23.9. Unless otherwise specified by the Company, on Zero Spread Accounts, the Affiliate or Sub-Affiliate’s commission shall be either 30% (Thirty percent) of the pip value on currency pairs, gold, and silver only, or 1 USD per standard lot on currency pairs and 2 USD per standard lot on gold and silver only.

23.10.Unless otherwise specified by the Company, on Pro Accounts, the Affiliate or Sub-Affiliate’s commission shall be 0.5 USD per standard lot on currency pairs and 1 USD per standard lot on gold and silver only.

23.11. On Platinum Accounts, the Affiliate commission is 10% (ten percent) of the pip value on currency pairs, gold, silver, and energies. Commission on spot indices and US Shares is based on the table in the Affiliate’s account area.

23.12. Unless otherwise specified by the Company, on Copy Trading Accounts, the Affiliate or Sub-Affiliate’s commission is 60% (Sixty percent) of the pip value on currency pairs, gold, and silver only, or as per the table shown in the Affiliate’s account area.

23.13. Unless otherwise specified by the Company, on Cents account, the Affiliate commission is 60% (Sixty percent) of the pip value on forex, gold, and silver only, or as per the table shown in the Affiliate’s account area. It should be noted that on a Cents account, one lot equals 1,000 Units.

23.14. Unless otherwise specified by the Company, on Fortuno Markets Platform trading accounts (tradeable within the Fortuno Markets App), the Affiliate commission is 60% (Sixty percent) of regular commission, or as per the table shown in the Affiliate’s account area.

Example:

  • A Client referred by the Affiliate opens a trading account and starts trading EUR/USD.
  • The Client makes a total of 100 single lot trades, each with a regular commission of $10/lot.
  • The total regular commission generated by the Client is $1,000.
  • The Affiliate commission at 60% of the regular commission is $600.

23.15. In the event that commissions are overpaid or are paid in error due to a system failure or human intervention, the Company reserves the right to deduct the amount in question from the Affiliate’s account with immediate effect and without prior notice. In the event that the balance of the Affiliate’s account is insufficient to cover the amount that has been overpaid/paid in error, the Company will set the amount owed against future payments from the Client’s account until such time that the amount has been paid in full.

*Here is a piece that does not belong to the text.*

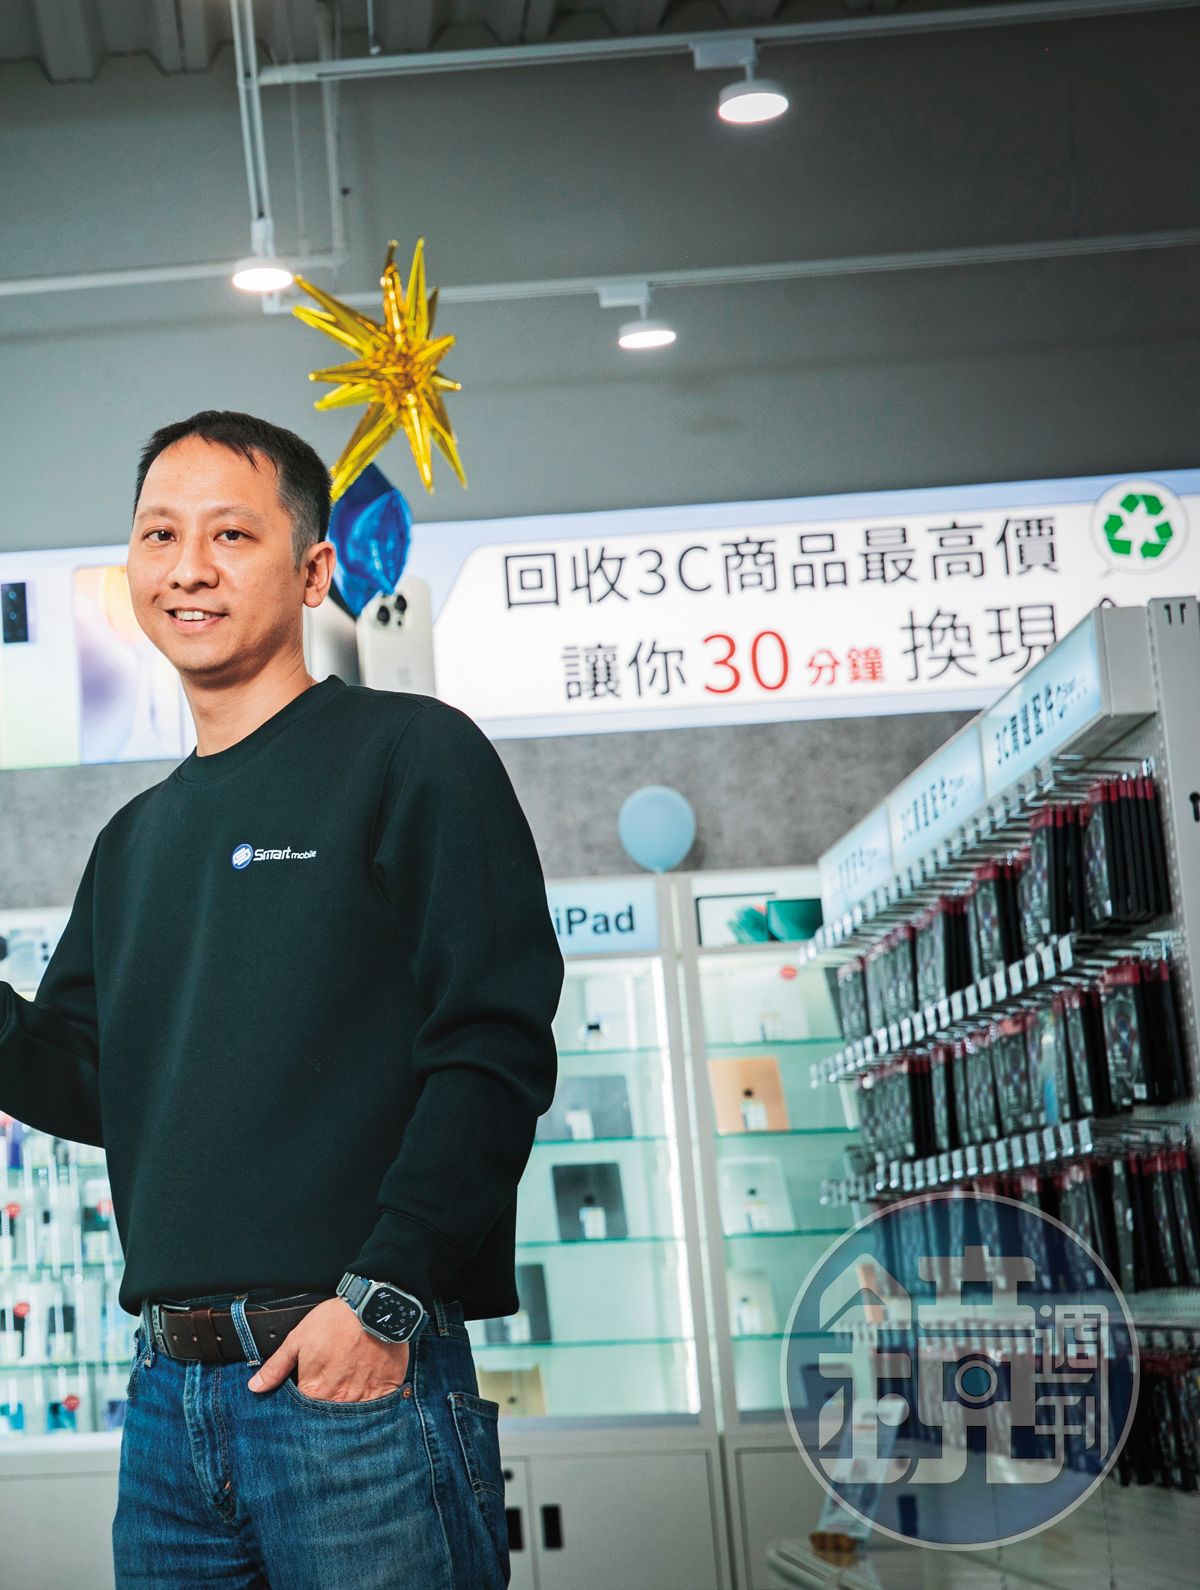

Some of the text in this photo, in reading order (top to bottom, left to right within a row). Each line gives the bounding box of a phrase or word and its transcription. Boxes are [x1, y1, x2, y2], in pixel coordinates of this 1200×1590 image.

[503, 515, 1061, 611] 回收3C商品最高價
[253, 846, 291, 861] Smart
[556, 904, 636, 936] iPad

23.16. When increased Affiliate or Sub-Affiliate commission is applied, it is applied for Forex Instruments only unless stated differently.

23.17. No Affiliate or Sub-Affiliate commission is generated on trades that are close by Hedge as the volume of the trade becomes 0.

23.18. No Affiliate or Sub-Affiliate commission will be generated unless the following are fulfilled:

  • a. Affiliate account opening is duly completed and Affiliate is being approved;
  • b. Affiliate accepts terms of this Agreement;
  • c. Terms of this Agreement are duly covered;
  • d. Complementary Agreement, if any, is being agreed and provided to the Company duly signed.

23.19. In case the Company has any reasonable beliefs that the Affiliate is not complying with the Company’s agreements, including, but not limited to this Agreement, the Company may delay the payment.

23.20. The Company correlates the Affiliates or Sub-Affiliate Commission amount earned by the Affiliates with the negative financial performance of the Company subject to financial penalties and/or clawback arrangements. The Company might deduct up to 100% of the total Affiliates Commission if an Affiliate:

  • a. participated in or was responsible for conduct which resulted in significant losses to the Company; and/or
  • b. failed to meet appropriate standards of fitness and propriety; and/or
  • c. Company received a number of complaints from clients introduced by the Affiliate.

23.21. For each “Standard Lot” round turn transaction that is executed by a Client who has been or is identified as introduced and/or referred by the Affiliate or Sub-Affiliate to the Company, the Affiliate will receive the commission as per the table available through the Affiliate’s account area.